* **ABOUT THIS EXERCISE**: All lines between the one holding "this 1280×1707 image." and the end of the material below, both ends included, should be restated exactly.

* **DATA FOR PROCESSING**:
·····

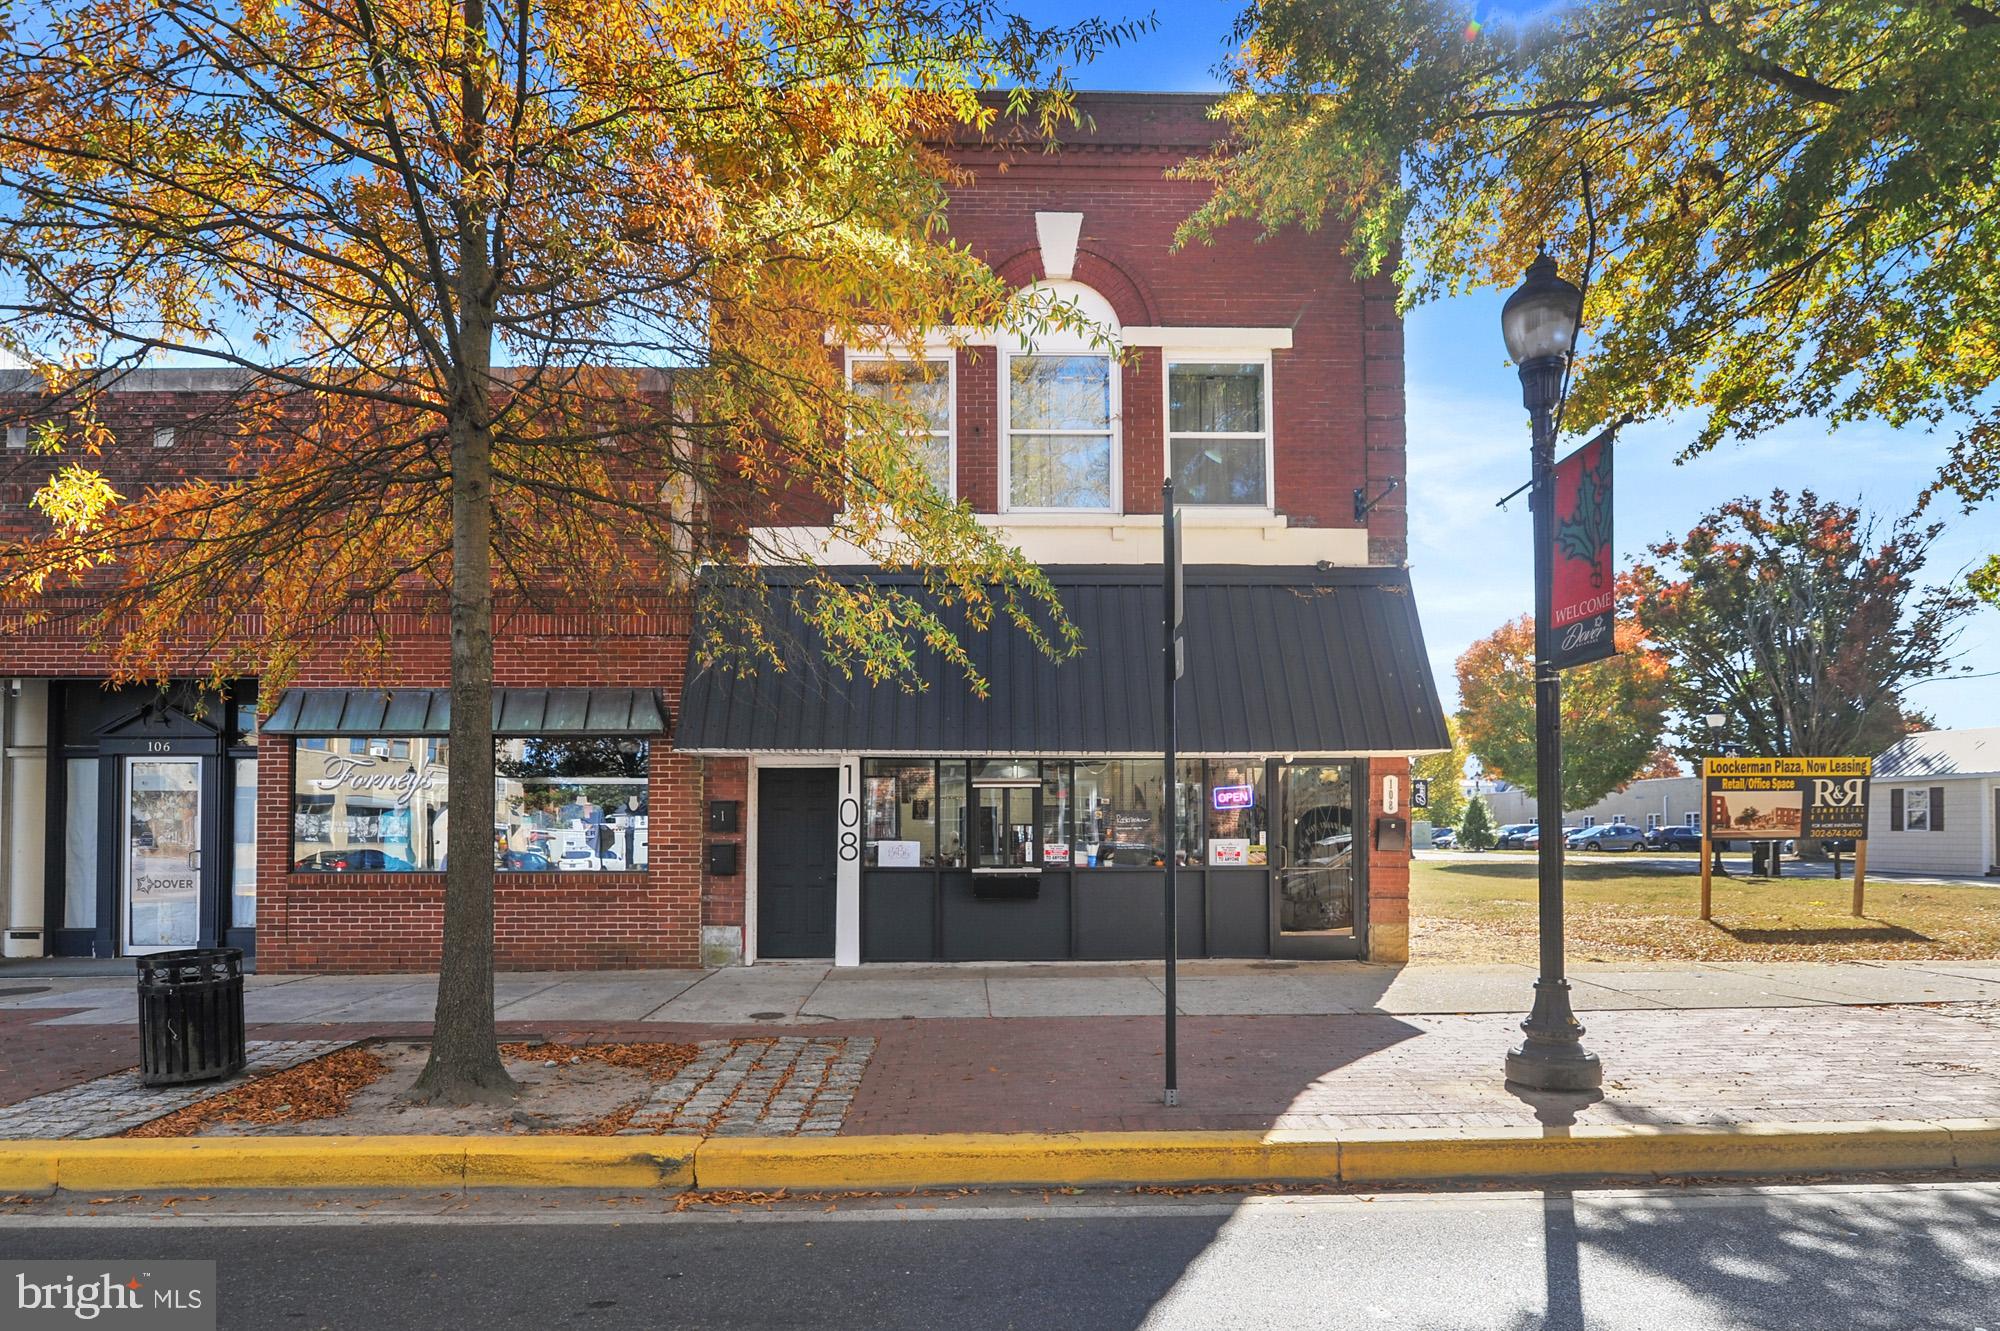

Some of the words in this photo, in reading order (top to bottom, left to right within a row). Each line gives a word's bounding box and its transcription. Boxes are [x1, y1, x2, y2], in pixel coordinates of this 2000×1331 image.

[1555, 591, 1611, 623] WELCOME
[1561, 622, 1606, 651] Dover
[147, 741, 171, 752] 106
[1710, 760, 1772, 774] Loockerman
[1774, 759, 1804, 775] Plaza,
[1806, 759, 1827, 773] Now
[1829, 759, 1867, 775] Leasing
[1722, 777, 1770, 791] Retail/Office
[1772, 778, 1796, 791] Space
[1217, 790, 1249, 803] OPEN
[838, 764, 859, 861] 108
[154, 879, 194, 889] DOVER
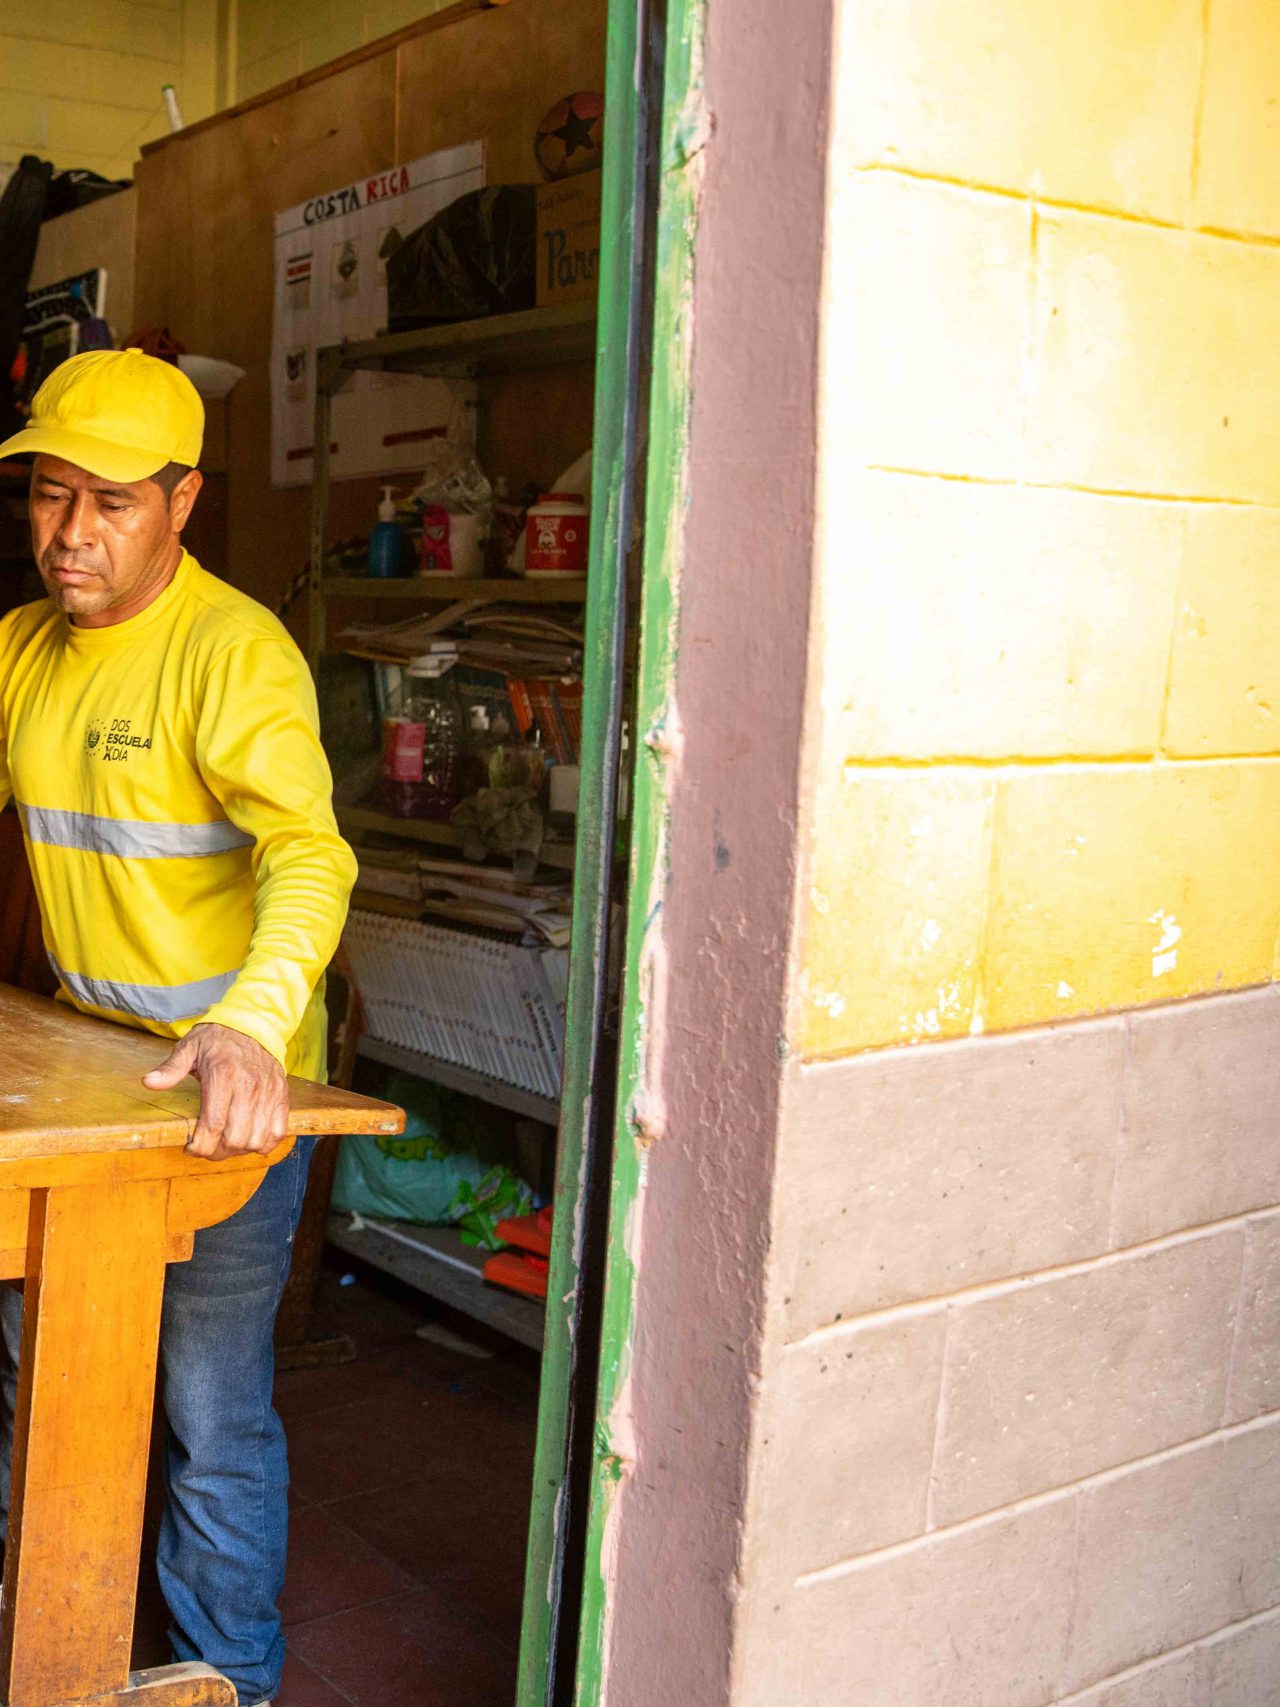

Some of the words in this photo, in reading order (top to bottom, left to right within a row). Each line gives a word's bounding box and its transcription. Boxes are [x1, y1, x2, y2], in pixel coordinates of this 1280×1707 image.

[303, 185, 360, 225] COSTA
[366, 166, 410, 204] RICA
[110, 718, 131, 732] DOS

·····

* **OUTPUT OF THE EXERCISE**:
Some of the words in this photo, in reading order (top to bottom, left to right within a row). Each line gives a word's bounding box and its transcription. Boxes are [x1, y1, x2, y2], in pixel coordinates of this 1280×1707 image.

[303, 185, 360, 225] COSTA
[366, 166, 410, 204] RICA
[110, 718, 131, 732] DOS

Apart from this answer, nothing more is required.